Eden M. Kennedy

mission accomplished, pal

Eden M. Kennedy is the co-author (with Alice Bradley) of the book Let's Panic About Babies! (St. Martin's Press, 2011).

A former college-radio DJ, Mrs. Kennedy has driven cross-country six times in a 1973 Volkswagen Bug and enjoys standing on her head.

Currently she works a straight job and is just about finished writing her first novel.

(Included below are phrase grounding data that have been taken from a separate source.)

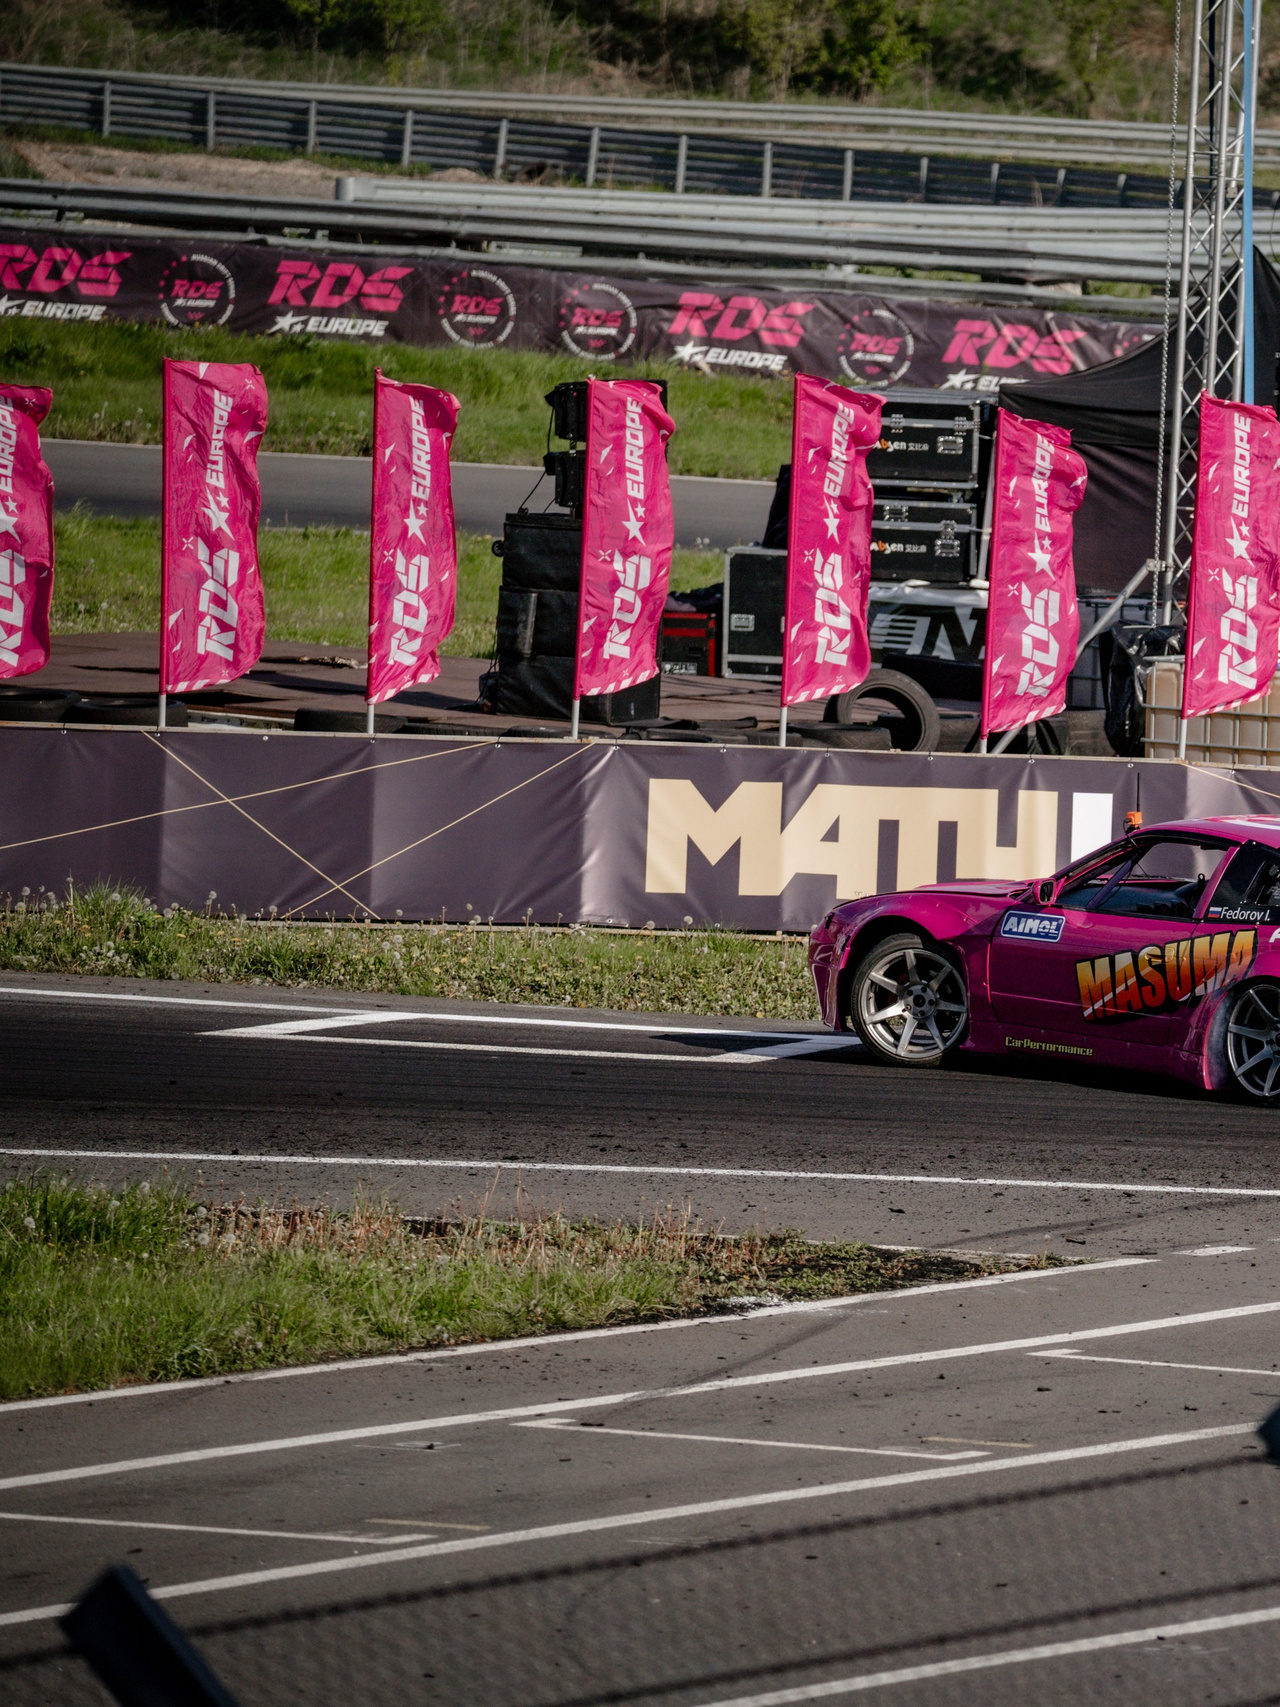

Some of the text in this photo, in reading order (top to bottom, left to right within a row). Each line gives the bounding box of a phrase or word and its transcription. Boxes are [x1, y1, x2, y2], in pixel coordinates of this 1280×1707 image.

[0, 245, 133, 297] RDS
[171, 279, 224, 299] RDS
[267, 260, 415, 312] RDS
[20, 301, 107, 321] EUROPE
[450, 294, 504, 315] RDS
[571, 306, 626, 328] RDS
[668, 292, 817, 347] RDS
[305, 315, 389, 337] EUROPE
[849, 332, 904, 355] RDS
[705, 348, 788, 371] EUROPE
[941, 319, 1088, 376] RDS
[873, 438, 907, 452] Absen
[197, 390, 239, 662] RDS EUROPE
[388, 396, 431, 666] RDS EUROPE
[603, 397, 651, 659] RDS EUROPE
[814, 402, 855, 666] RDS EUROPE
[870, 540, 904, 554] Absen
[1015, 433, 1060, 697] RDS EUROPE
[1218, 413, 1258, 689] RDS EUROPE
[1003, 916, 1059, 936] AIMOL
[1220, 907, 1271, 921] Fedorov I.
[1076, 929, 1257, 1021] MASUMA
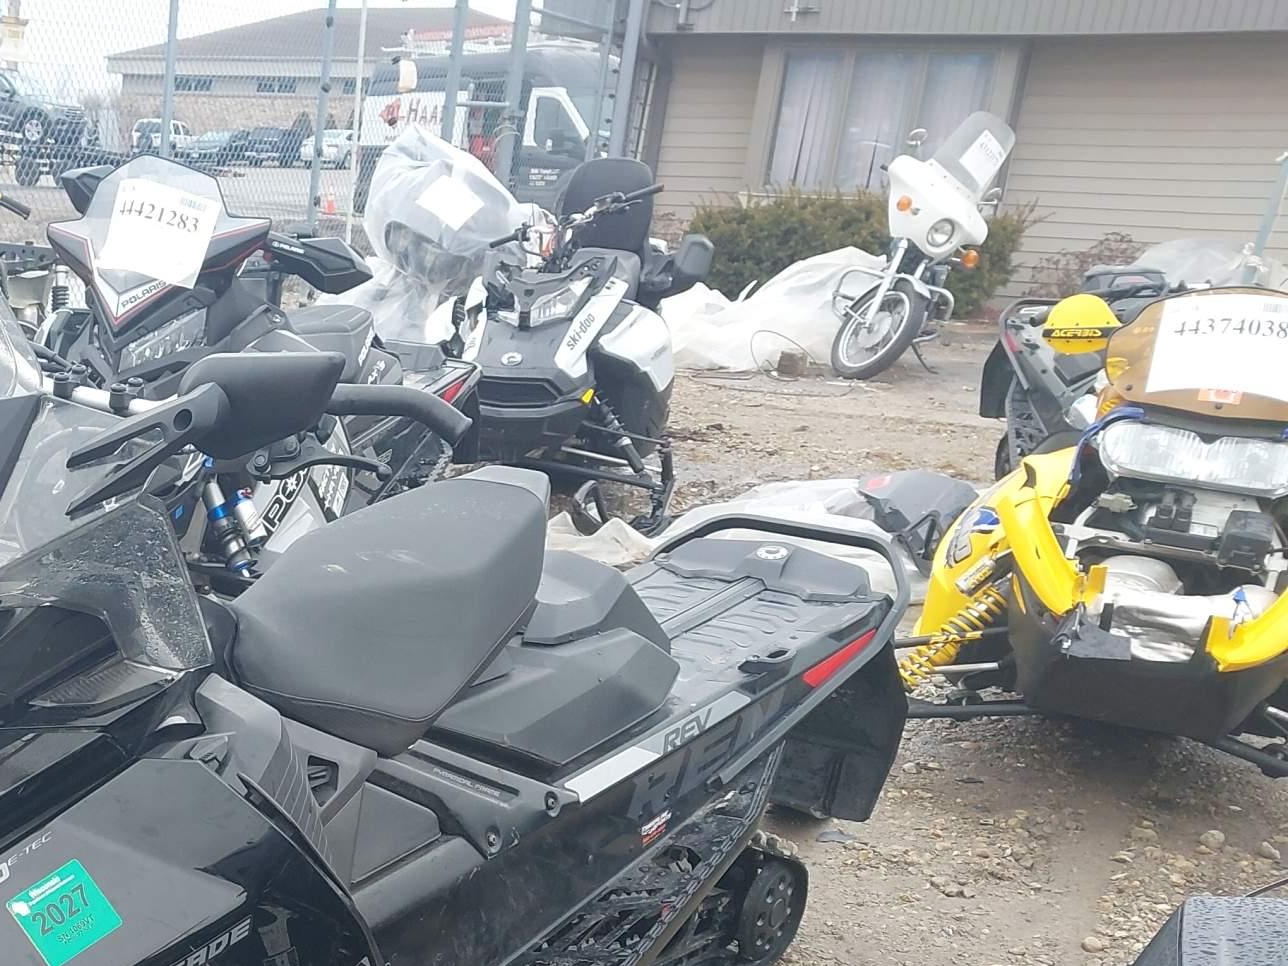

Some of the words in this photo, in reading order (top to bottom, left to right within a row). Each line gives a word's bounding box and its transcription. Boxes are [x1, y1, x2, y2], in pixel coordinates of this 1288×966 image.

[121, 280, 167, 308] POLARIS
[663, 708, 713, 752] REV
[31, 883, 89, 936] 2027

The other night Jackson and I walked up to the rose garden in front of the Mission. I'm sorry -- the rose garden in front of the big, spooky, horrible symbol of oppression. [Ed.: Exactly how narcissistic to you have to be to link yourself?] There we met our neighbors, TM and AM. TM being the mom, and AM being the most logical, beautiful five-year-old in the world. She's like a miniature Marilyn Vos Savant, and TM is exactly like Meryl Streep's rehab roommate in Postcards from the Edge, [Ed.: She did it again!] i.e., she's both extremely funny and on the wagon, and who knew that was even possible?

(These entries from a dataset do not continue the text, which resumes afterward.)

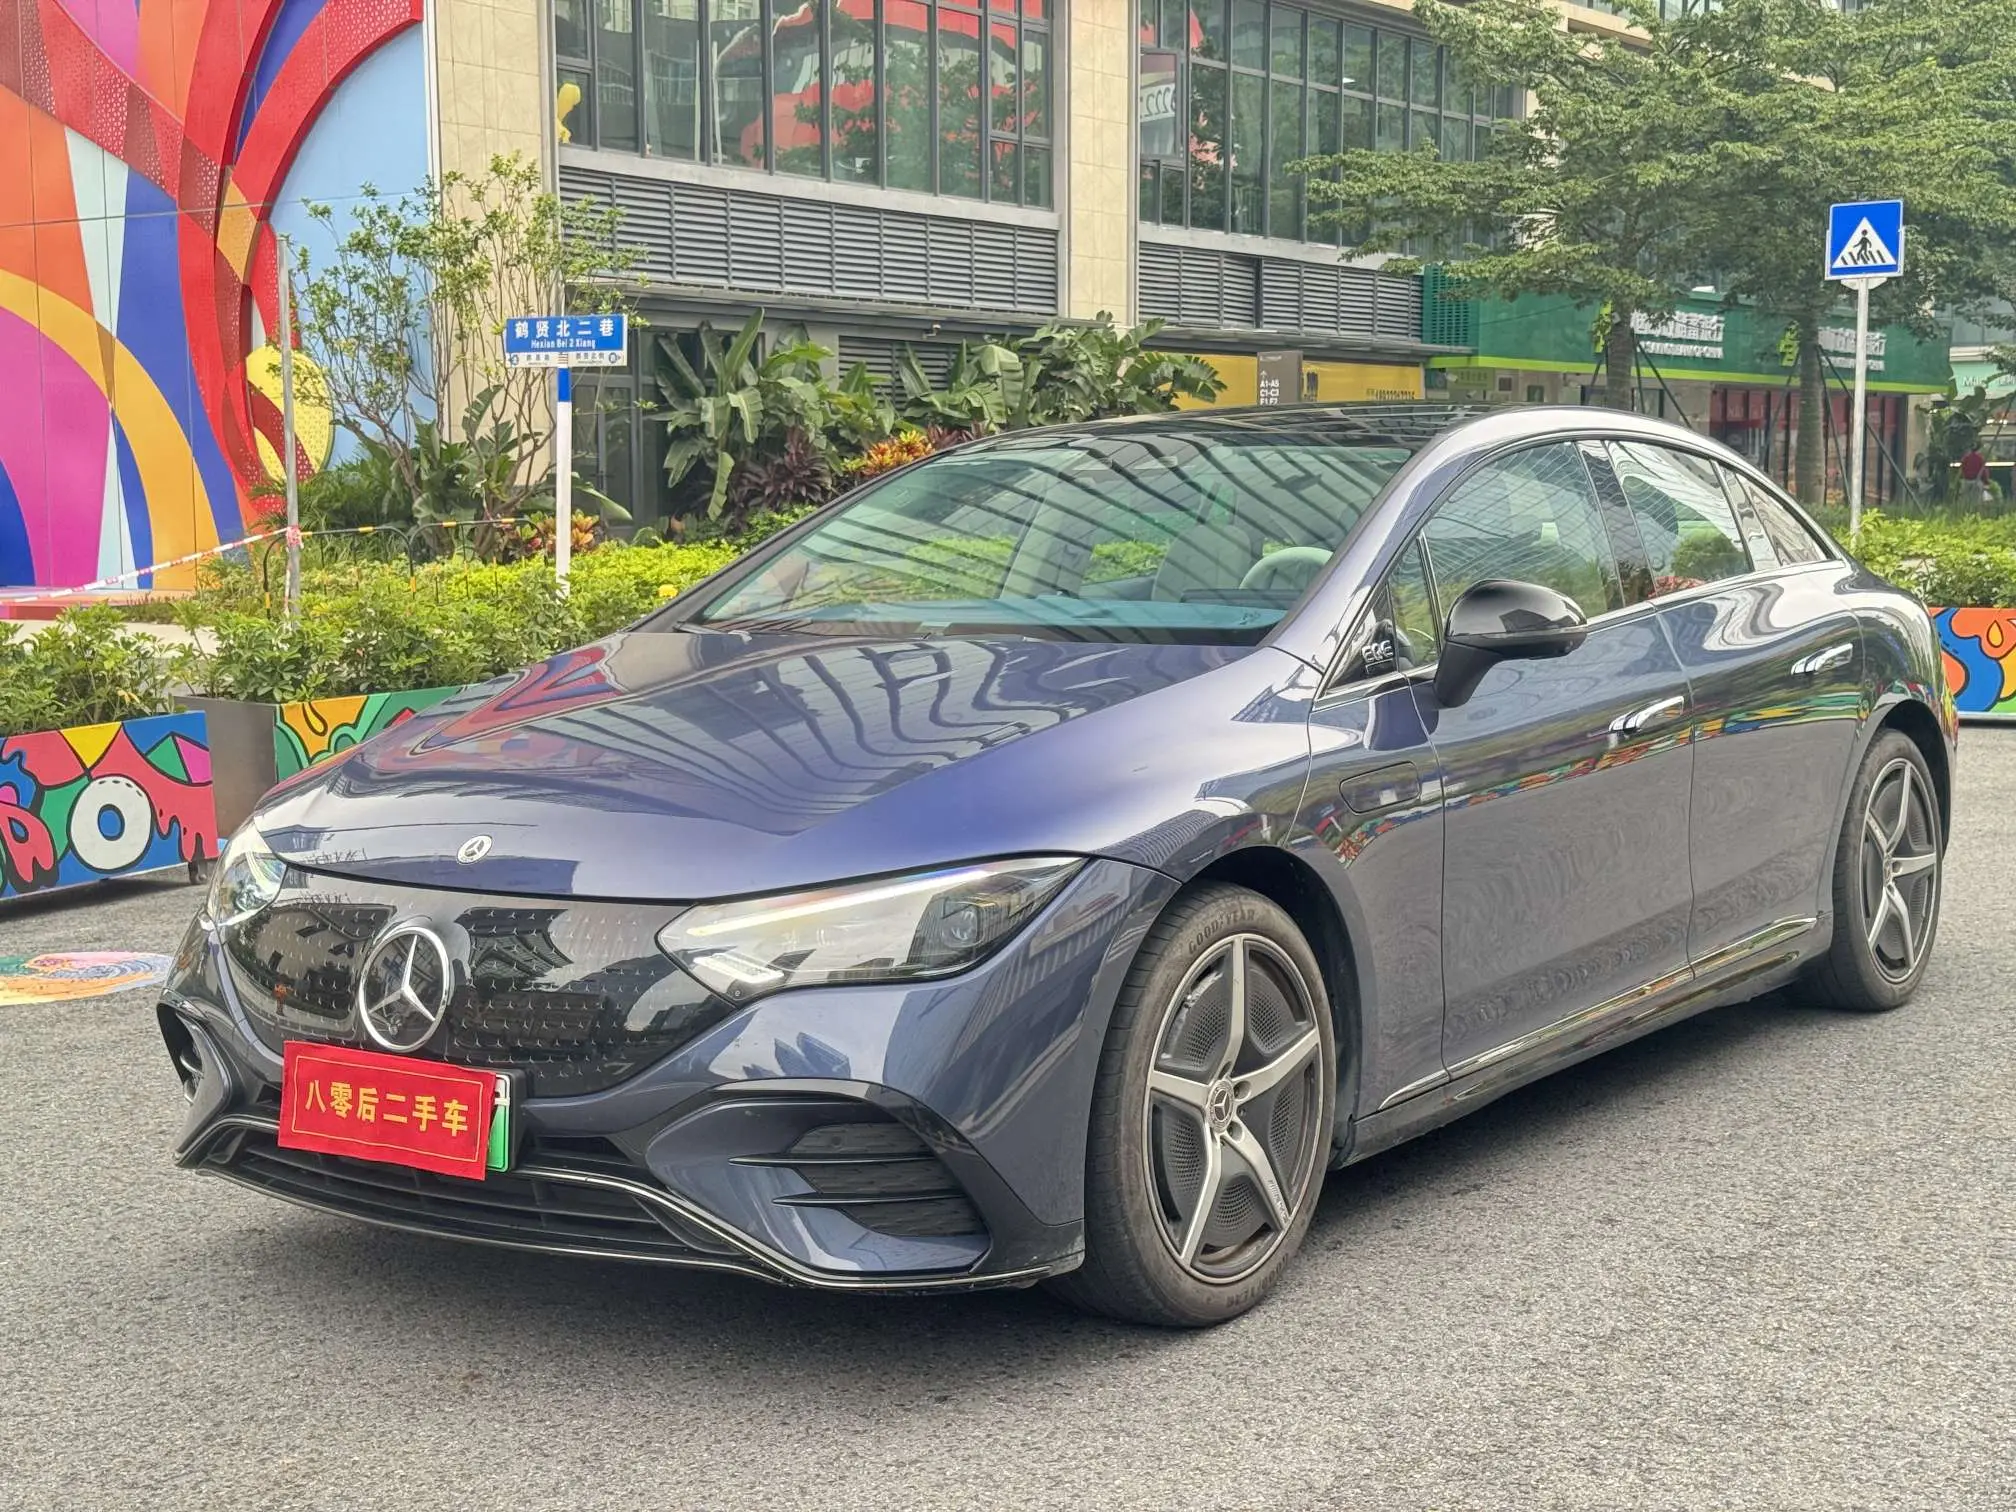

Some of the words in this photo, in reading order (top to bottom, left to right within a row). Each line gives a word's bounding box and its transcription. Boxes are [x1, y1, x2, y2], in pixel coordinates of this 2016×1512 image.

[515, 319, 614, 338] 鹤贤北二巷
[531, 339, 555, 349] Hexian
[556, 339, 568, 348] Bei
[569, 339, 574, 348] 2
[575, 339, 596, 350] Xiang
[1362, 640, 1393, 663] EQE
[305, 1080, 468, 1137] 八零后二手车

So we're sitting on the grass looking at this really ugly caterpillar that AM has trapped in an upturned Frisbee and is force-feeding clover, when this skinny lunatic with a rolled up umbrella starts violently chopping and hacking the heads off some white roses one bed over. Petals are flying everywhere. Then he sees us looking at him and he starts going, "Those bitches. They hit me with their goddamned Frisbee and didn't even apologize!" And then he walks around us and starts appraising some roses right next to us. I'm wondering if the ugly caterpillar is now inhabiting the Frisbee of Previous Violation, but he ignores it and starts yelling, "You're all voyeurs, you're all fucking voyeurs, and you know what? I feel fucking sorry for you. I really do. I pity you." And he starts whacking the shit out of some roses only six feet away.

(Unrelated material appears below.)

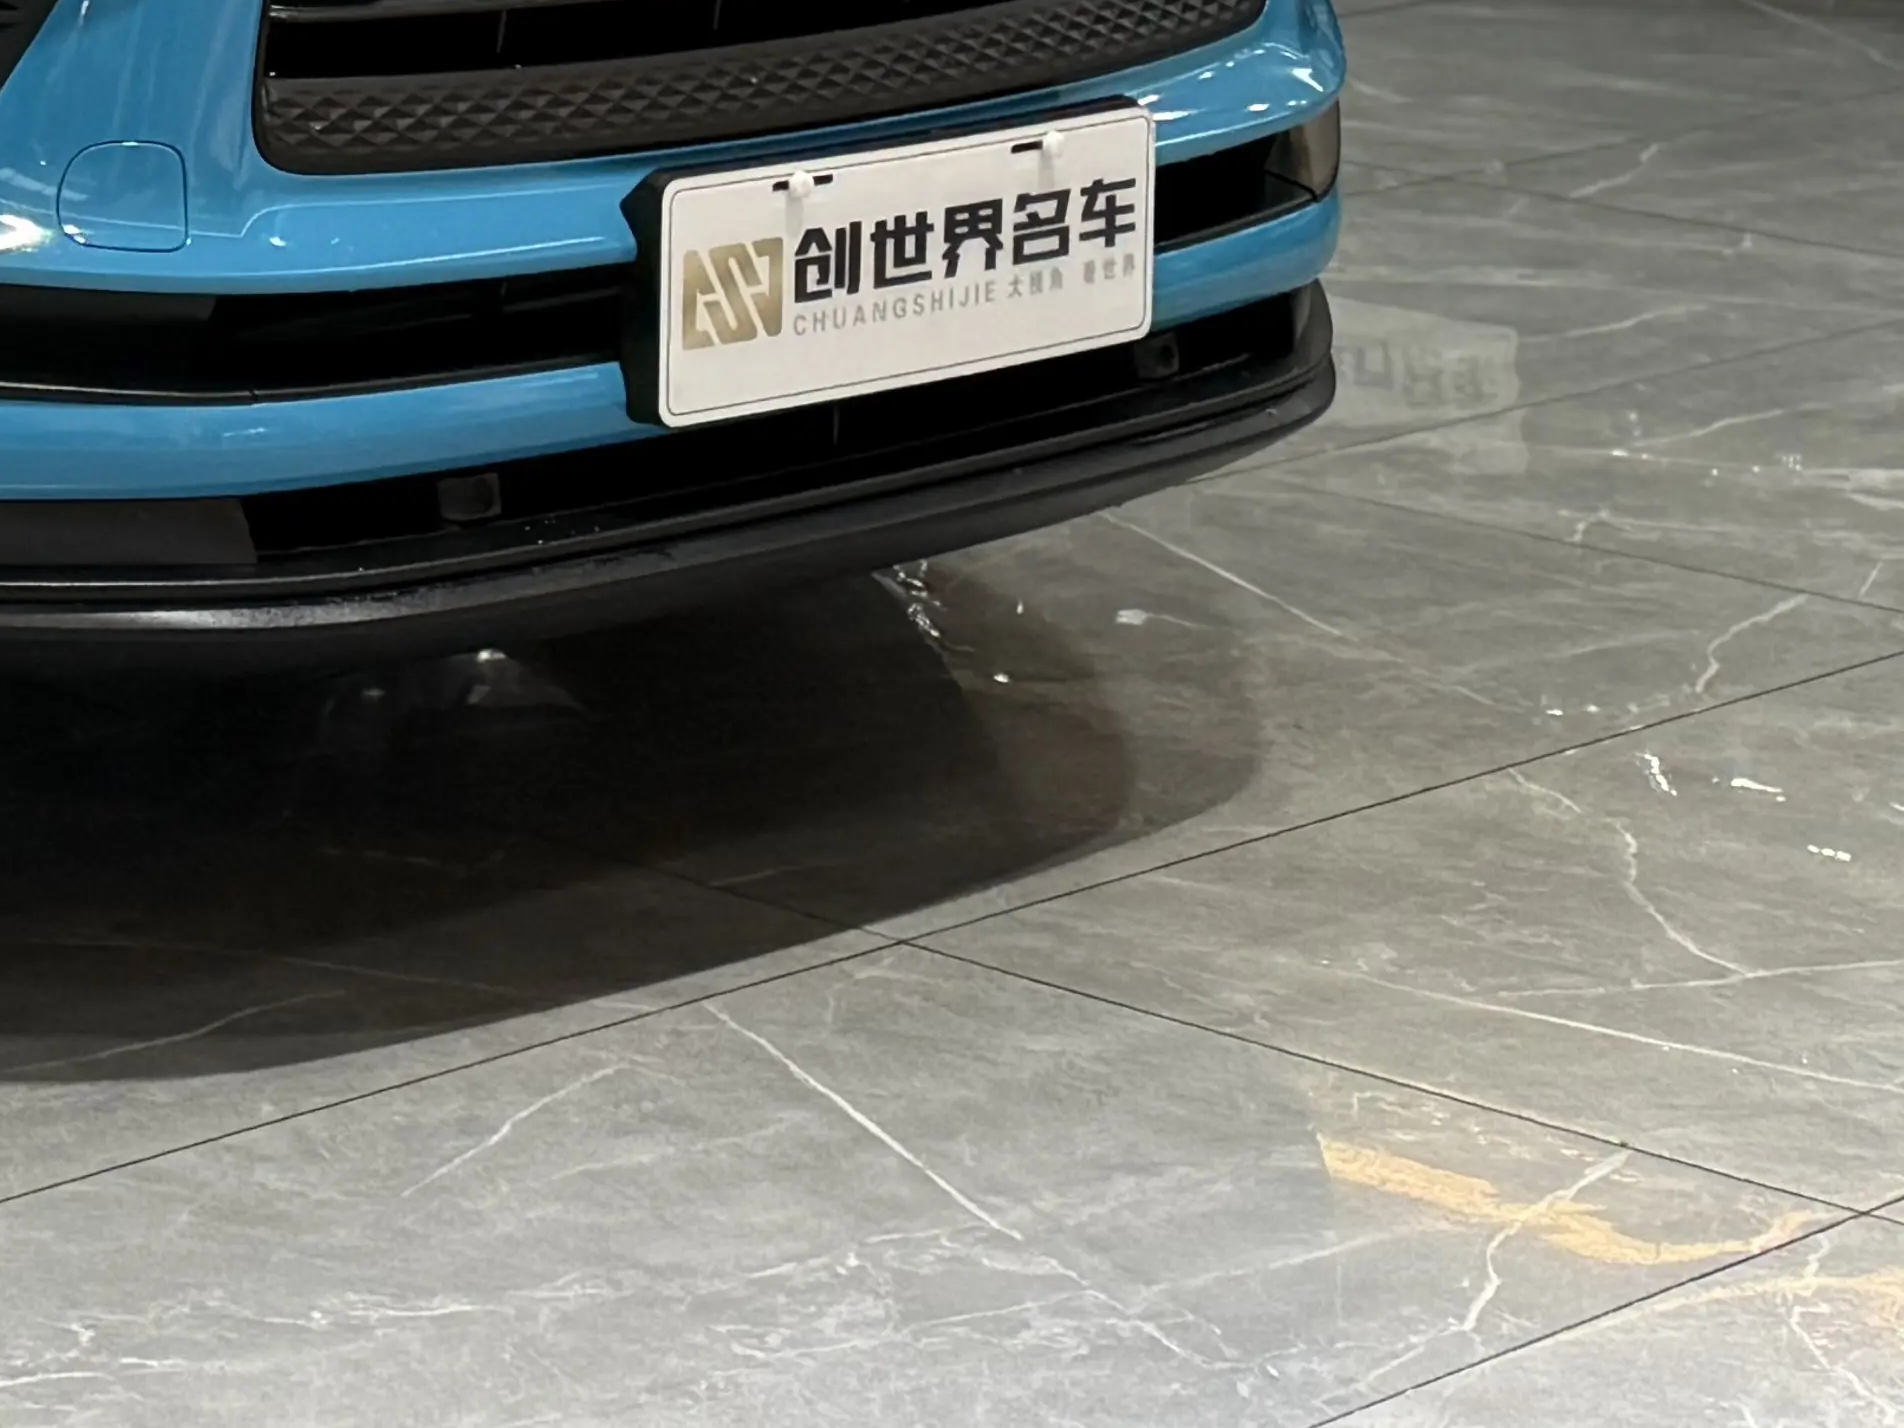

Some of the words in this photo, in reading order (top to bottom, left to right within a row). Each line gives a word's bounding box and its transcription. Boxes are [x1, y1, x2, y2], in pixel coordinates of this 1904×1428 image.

[794, 176, 1138, 305] 创世界名车
[793, 281, 999, 337] CHUANGSHIJIE

Now, TM is nodding sympathetically at the beginning of his little speech, presumably working on the Don't Rattle The Cage Of An Already-Agitated Mind theory, so I decide to follow her cautious lead and restrain myself, because I always go the opposite way, I get very confrontational with the insane, kind of on the Black Bear theory, i.e., rattle lots of pots and pans to try to scare them away from the campsite. Then very reasonably TM steps up and says to him, "Yes, well, that's too bad, but I really don't feel comfortable with that kind of language around the kids." Which I'm sure is just a fascinating insight for him, but it doesn't stop him from enjoying a little more outraged hacking and slashing, so we gather our children and our ugly caterpillar and hike up out of range while the madman moves down to a new rose bed. A couple of earnest blond co-eds next to try to educate him on less drastic garden maintenance techniques, but judging by the body language they only get pissed off, and then Our Man in Havana storms off into a eucalyptus stand.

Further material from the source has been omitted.